▶ About this exercise
Your copy should match the entries exactly, with the pictures left out.

Records from a dataset:
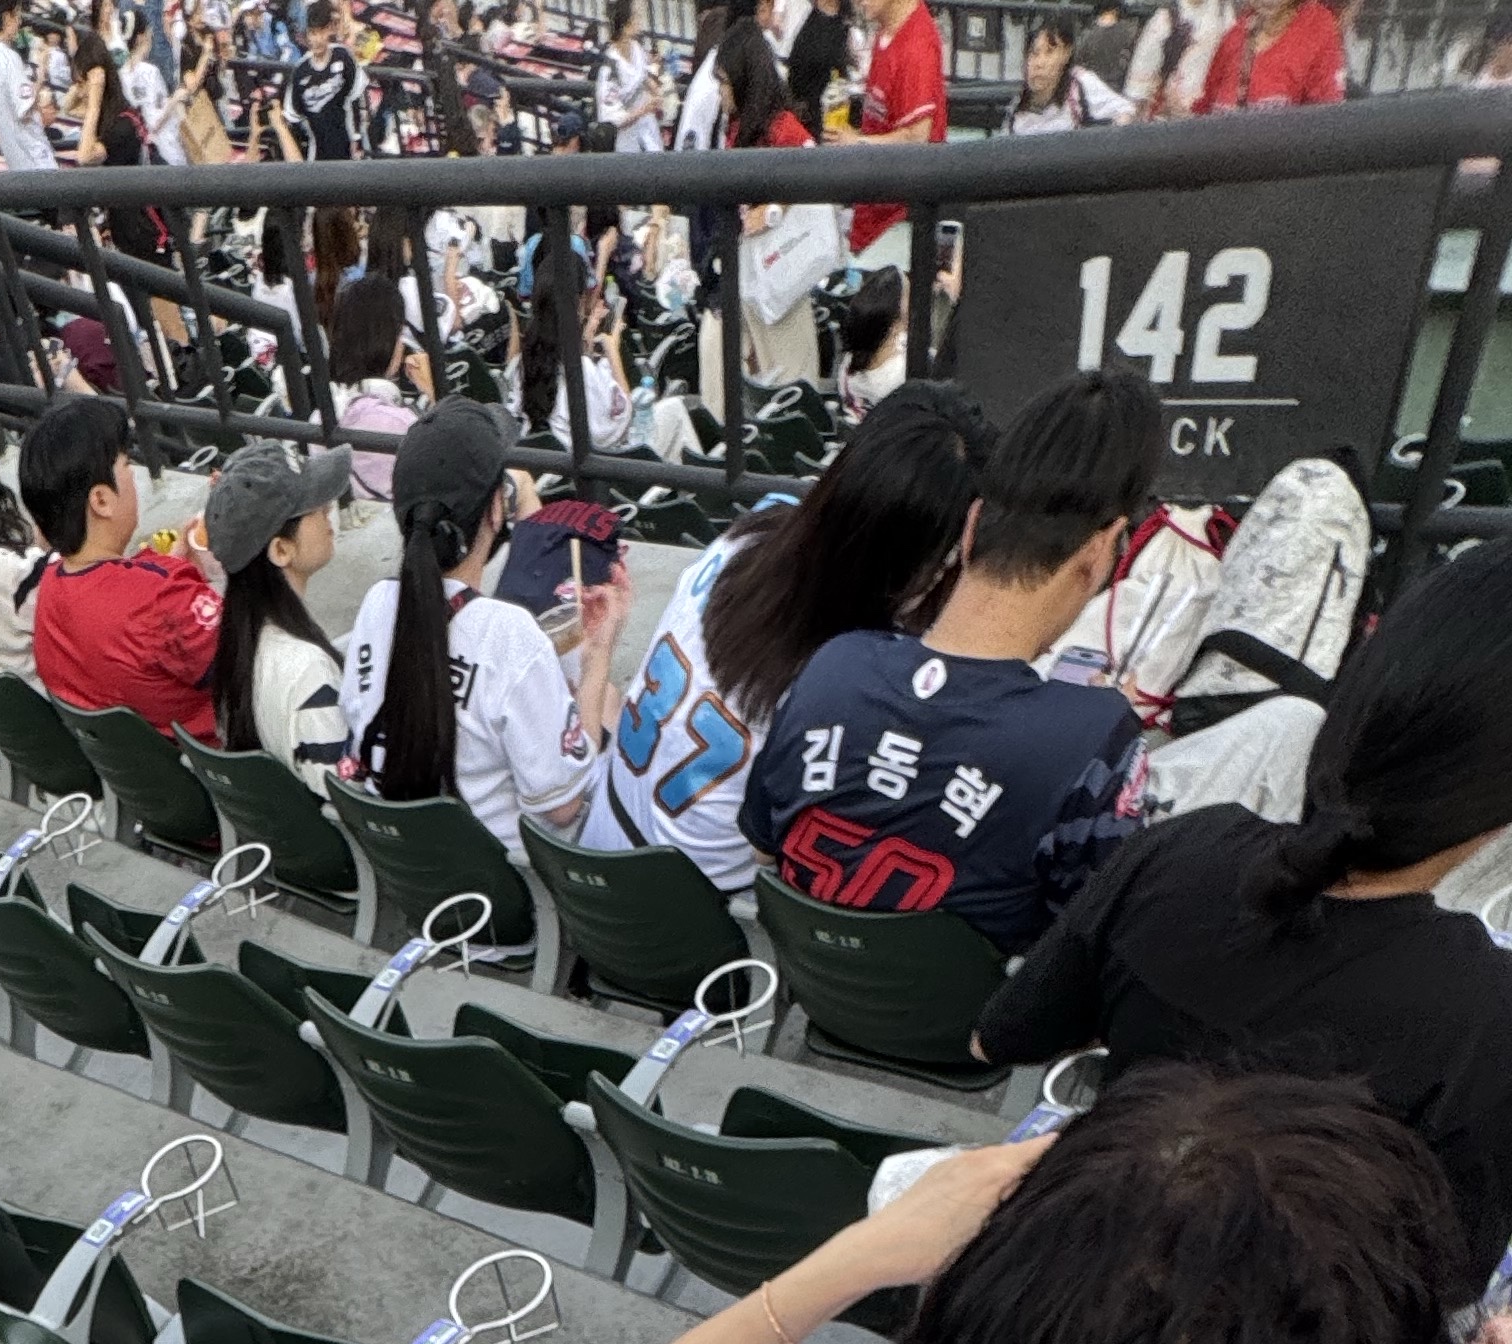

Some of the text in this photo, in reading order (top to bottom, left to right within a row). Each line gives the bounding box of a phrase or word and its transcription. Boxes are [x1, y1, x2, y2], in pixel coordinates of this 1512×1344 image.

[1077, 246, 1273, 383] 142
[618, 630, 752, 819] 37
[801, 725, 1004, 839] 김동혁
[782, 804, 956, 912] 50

▶ Response box
Some of the text in this photo, in reading order (top to bottom, left to right within a row). Each line gives the bounding box of a phrase or word and its transcription. Boxes are [x1, y1, x2, y2], in pixel coordinates of this 1512×1344 image.

[1077, 246, 1273, 383] 142
[618, 630, 752, 819] 37
[801, 725, 1004, 839] 김동혁
[782, 804, 956, 912] 50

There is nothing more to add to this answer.